Collected data entries:
■ ■ ■

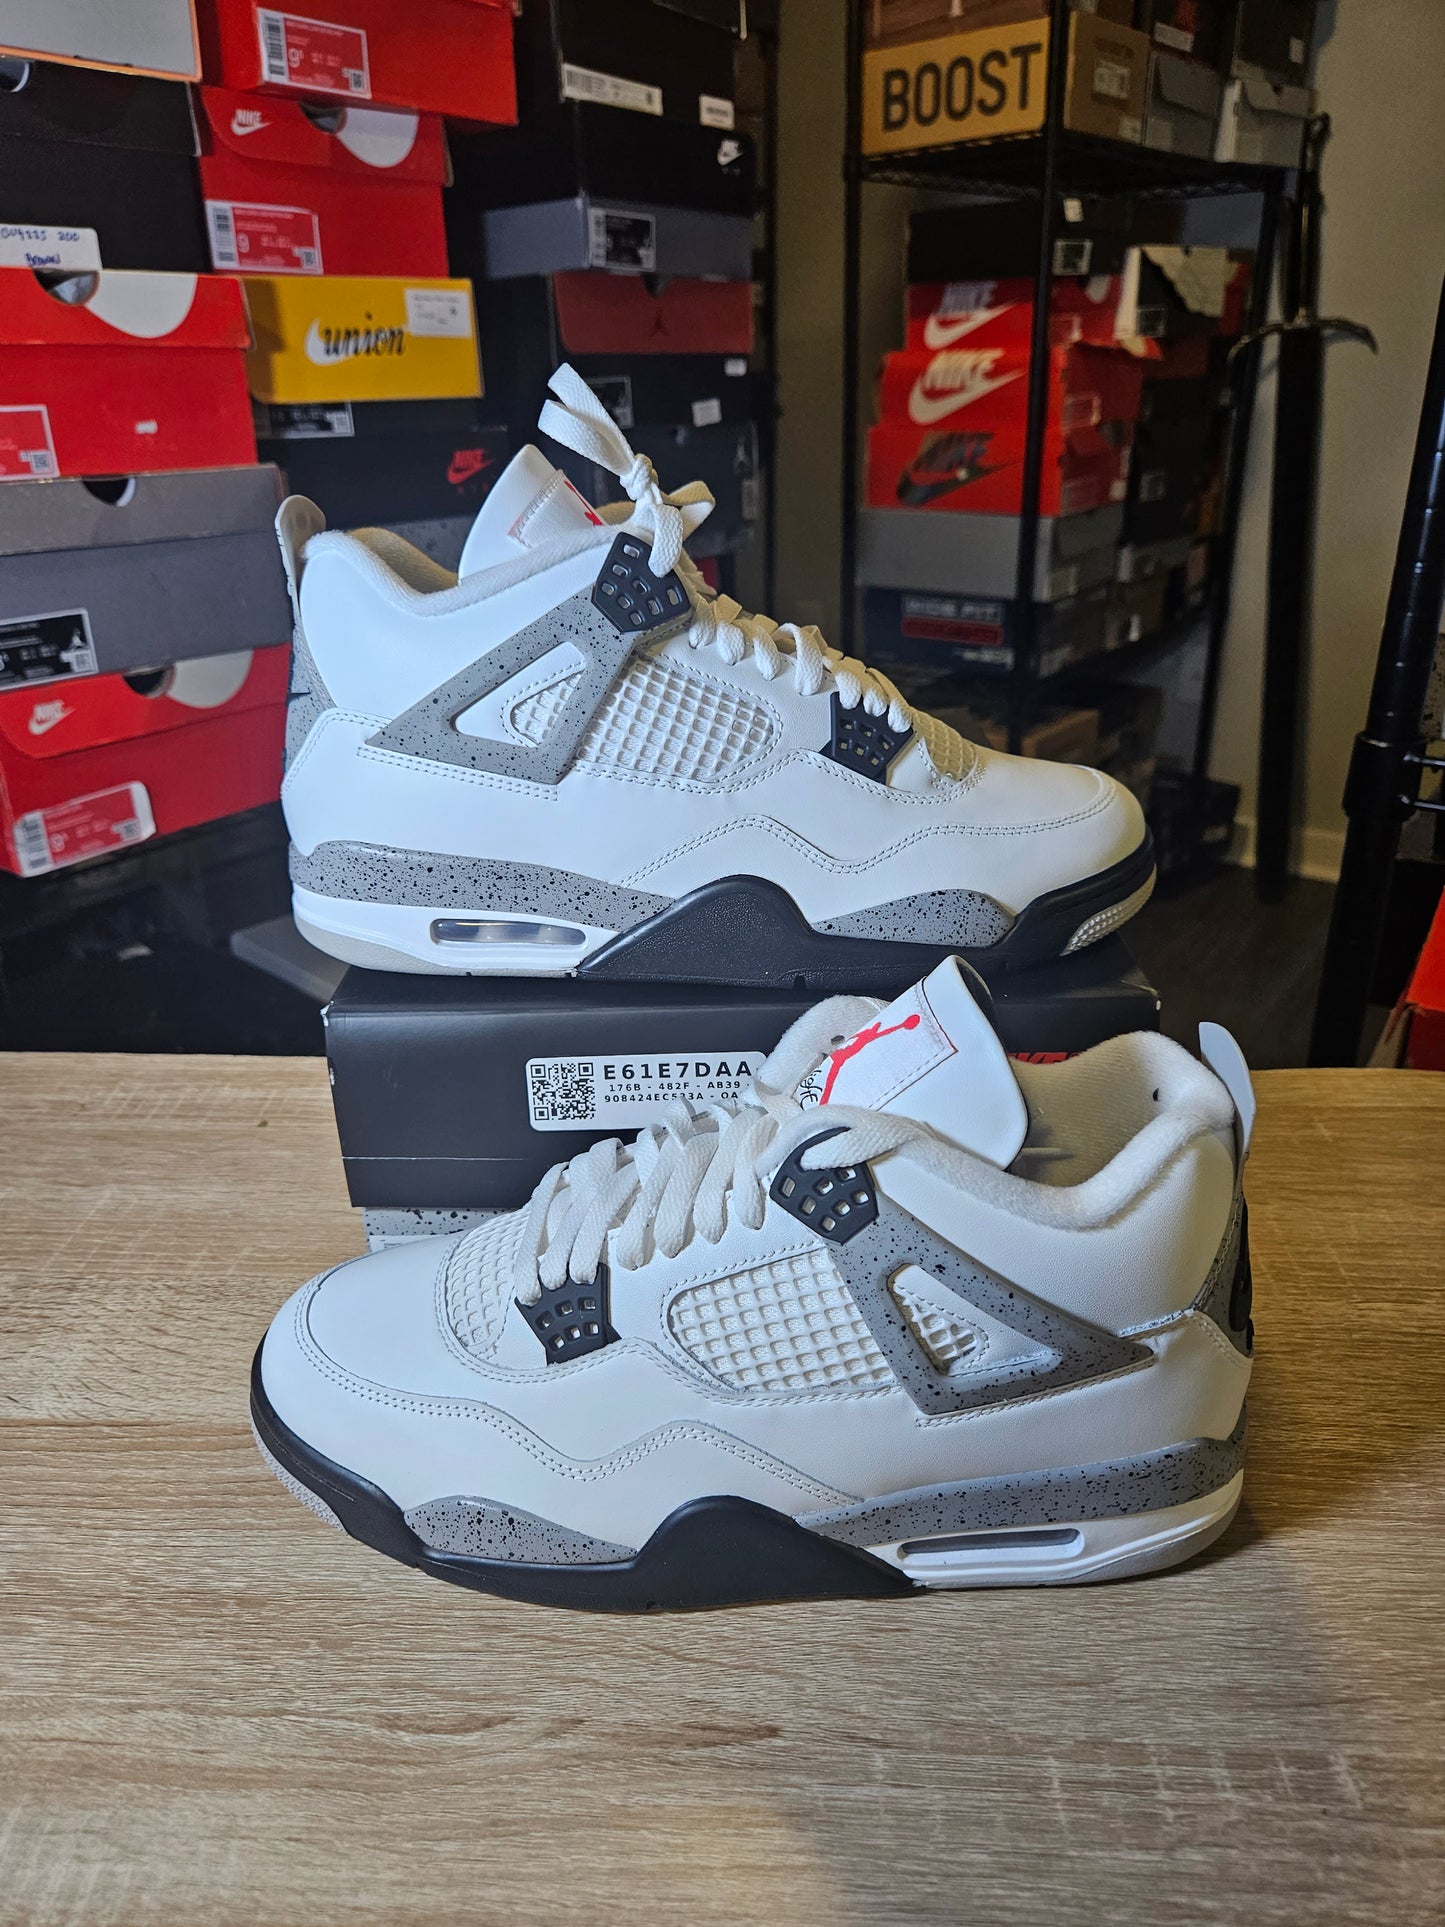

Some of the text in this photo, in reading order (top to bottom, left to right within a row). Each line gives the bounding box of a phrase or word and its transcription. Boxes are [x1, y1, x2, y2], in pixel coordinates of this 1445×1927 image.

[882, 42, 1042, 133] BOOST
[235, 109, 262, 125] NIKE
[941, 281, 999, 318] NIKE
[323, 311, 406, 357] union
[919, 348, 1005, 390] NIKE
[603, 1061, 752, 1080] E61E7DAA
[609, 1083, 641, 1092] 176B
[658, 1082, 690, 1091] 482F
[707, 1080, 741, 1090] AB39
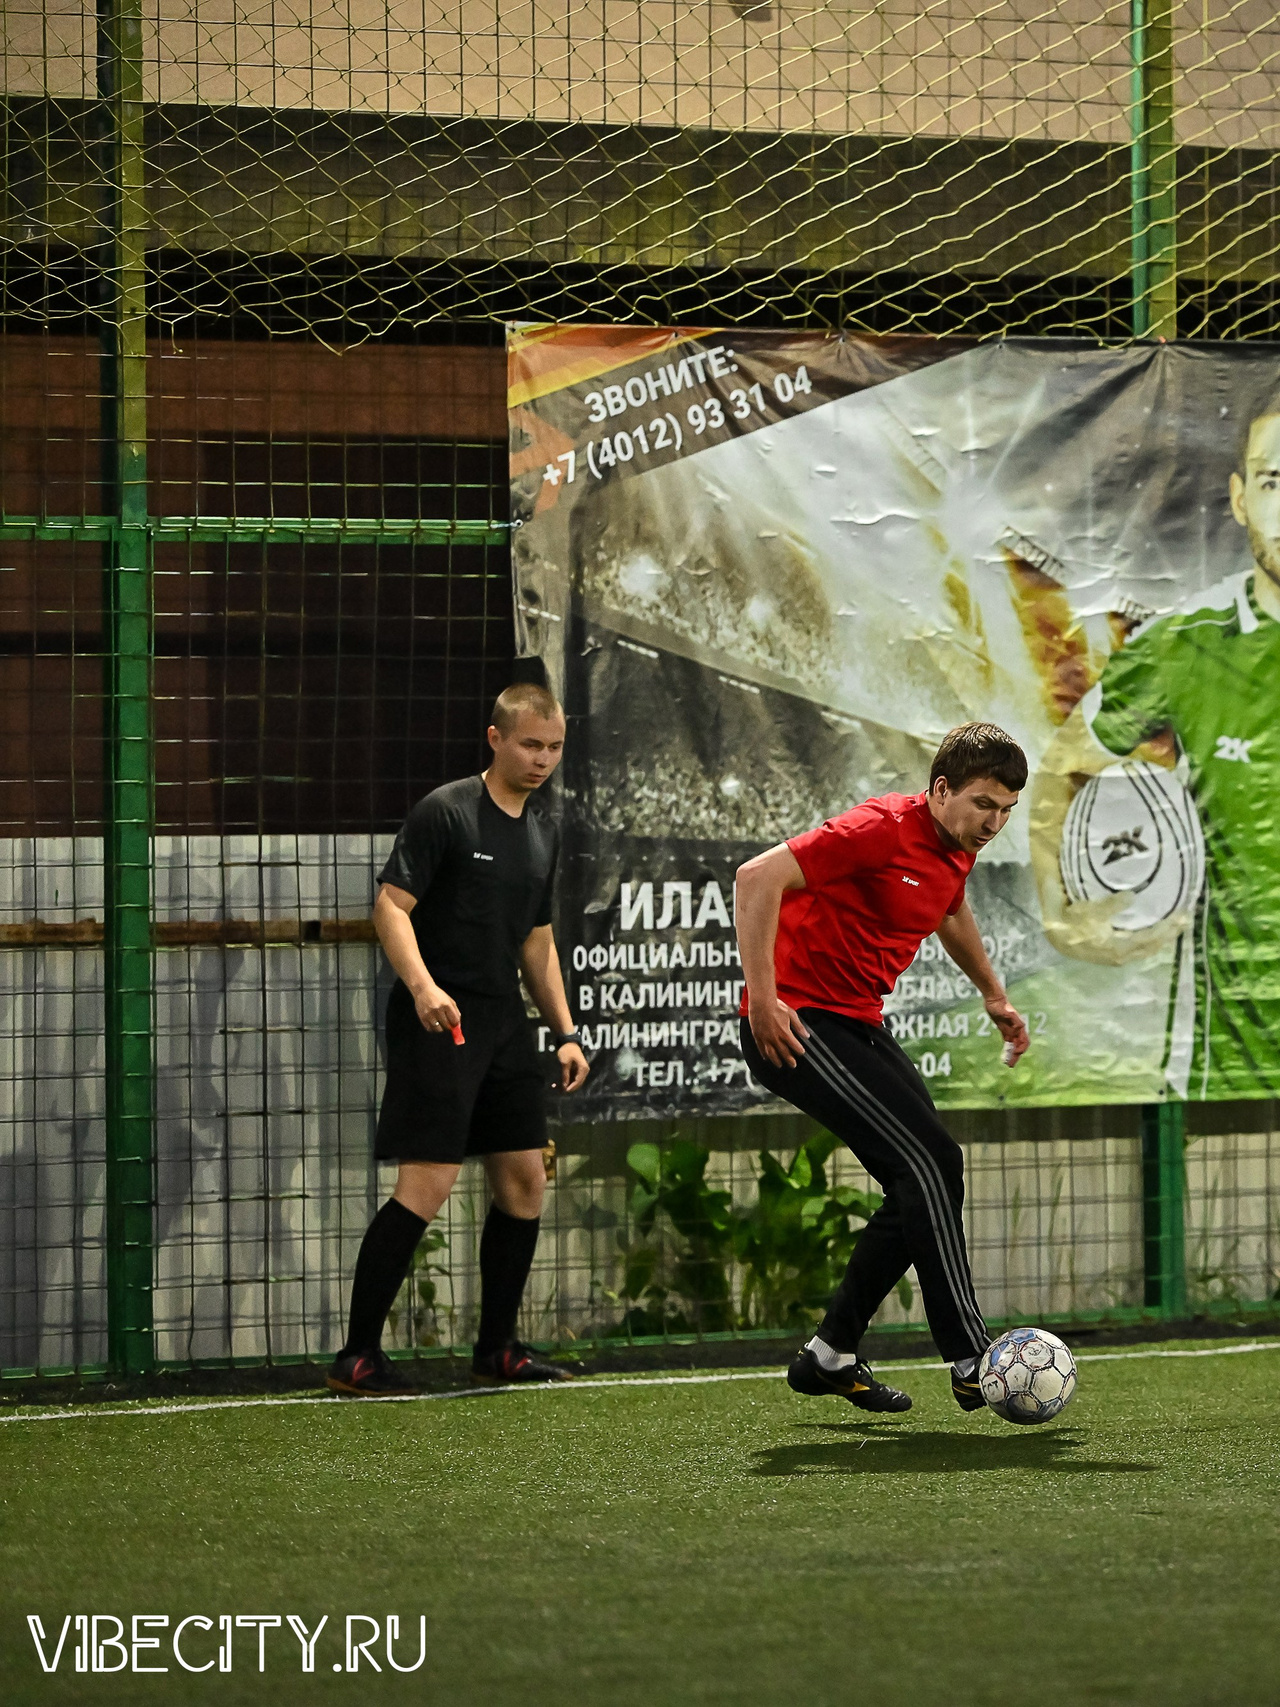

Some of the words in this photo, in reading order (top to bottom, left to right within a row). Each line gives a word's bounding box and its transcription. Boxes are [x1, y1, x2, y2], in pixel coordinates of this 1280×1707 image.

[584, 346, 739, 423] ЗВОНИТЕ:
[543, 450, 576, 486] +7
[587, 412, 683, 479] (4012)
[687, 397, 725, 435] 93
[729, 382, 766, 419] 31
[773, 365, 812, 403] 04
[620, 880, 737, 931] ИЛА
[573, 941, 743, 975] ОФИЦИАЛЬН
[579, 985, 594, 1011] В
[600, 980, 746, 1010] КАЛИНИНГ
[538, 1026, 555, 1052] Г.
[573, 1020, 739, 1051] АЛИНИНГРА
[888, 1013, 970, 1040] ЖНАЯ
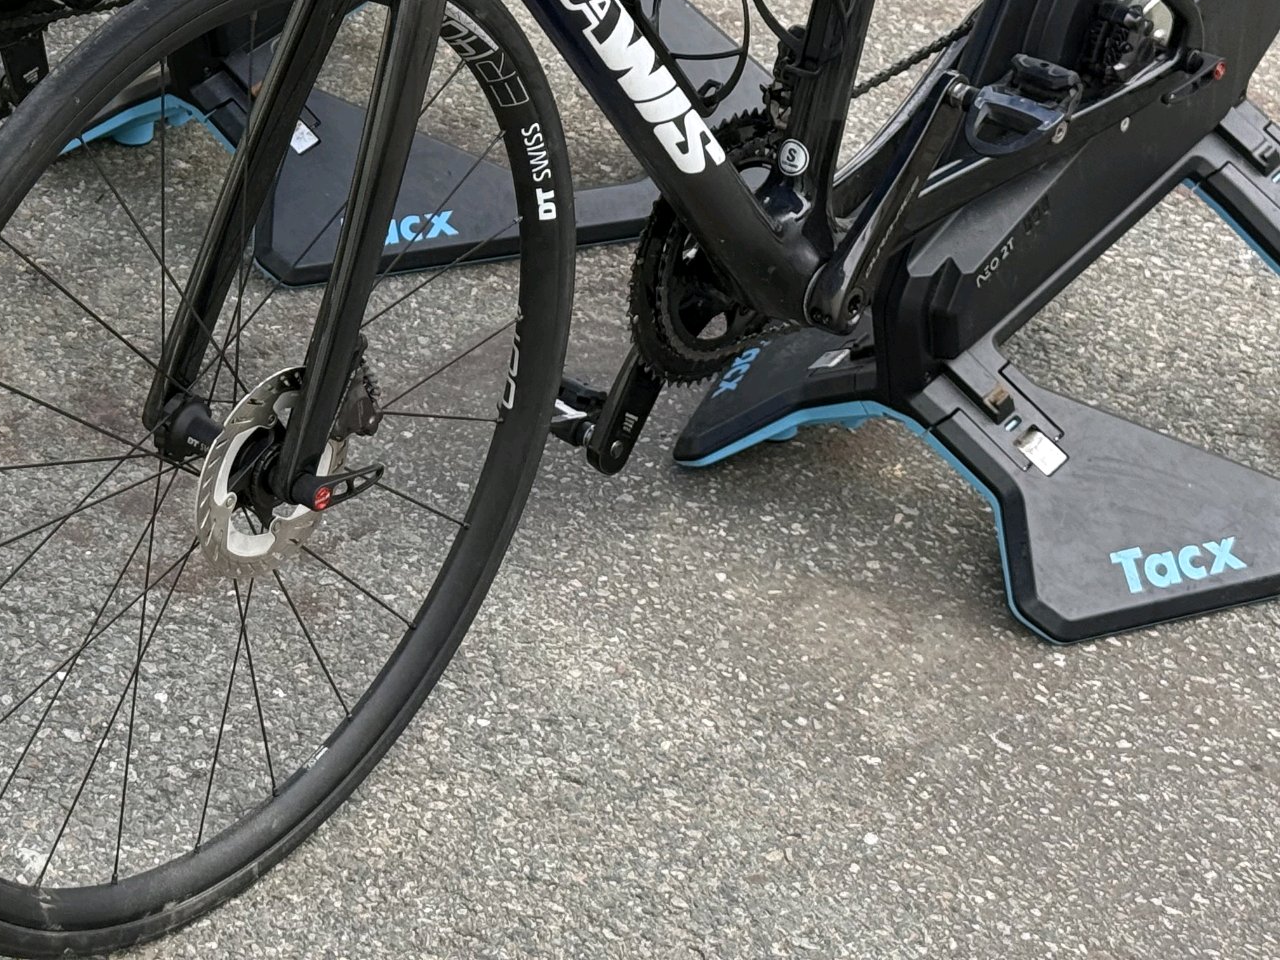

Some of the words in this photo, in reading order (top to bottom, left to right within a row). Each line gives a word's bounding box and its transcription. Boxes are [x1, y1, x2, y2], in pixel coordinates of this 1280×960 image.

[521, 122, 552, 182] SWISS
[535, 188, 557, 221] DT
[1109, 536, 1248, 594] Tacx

■ ■ ■

**Exercise details**
Each record needs to be reproduced exactly, and no image should be carried over.

**Exercise solution**
Some of the text in this photo, in reading order (top to bottom, left to right within a row). Each line gives the bounding box of a phrase or word and its transcription. Boxes are [x1, y1, x2, y2], in pixel coordinates of this 1445×1927 image.

[882, 42, 1042, 133] BOOST
[235, 109, 262, 125] NIKE
[941, 281, 999, 318] NIKE
[323, 311, 406, 357] union
[919, 348, 1005, 390] NIKE
[603, 1061, 752, 1080] E61E7DAA
[609, 1083, 641, 1092] 176B
[658, 1082, 690, 1091] 482F
[707, 1080, 741, 1090] AB39

Some of the words in this photo, in reading order (top to bottom, left to right within a row). Each line gives a word's bounding box and its transcription. Boxes are [x1, y1, x2, y2], in pixel coordinates of this 1280×1707 image.

[584, 346, 739, 423] ЗВОНИТЕ:
[543, 450, 576, 486] +7
[587, 412, 683, 479] (4012)
[687, 397, 725, 435] 93
[729, 382, 766, 419] 31
[773, 365, 812, 403] 04
[620, 880, 737, 931] ИЛА
[573, 941, 743, 975] ОФИЦИАЛЬН
[579, 985, 594, 1011] В
[600, 980, 746, 1010] КАЛИНИНГ
[538, 1026, 555, 1052] Г.
[573, 1020, 739, 1051] АЛИНИНГРА
[888, 1013, 970, 1040] ЖНАЯ

Some of the words in this photo, in reading order (top to bottom, left to right within a row). Each line gives a word's bounding box and its transcription. Boxes are [x1, y1, x2, y2], in pixel coordinates of this 1280×960 image.

[521, 122, 552, 182] SWISS
[535, 188, 557, 221] DT
[1109, 536, 1248, 594] Tacx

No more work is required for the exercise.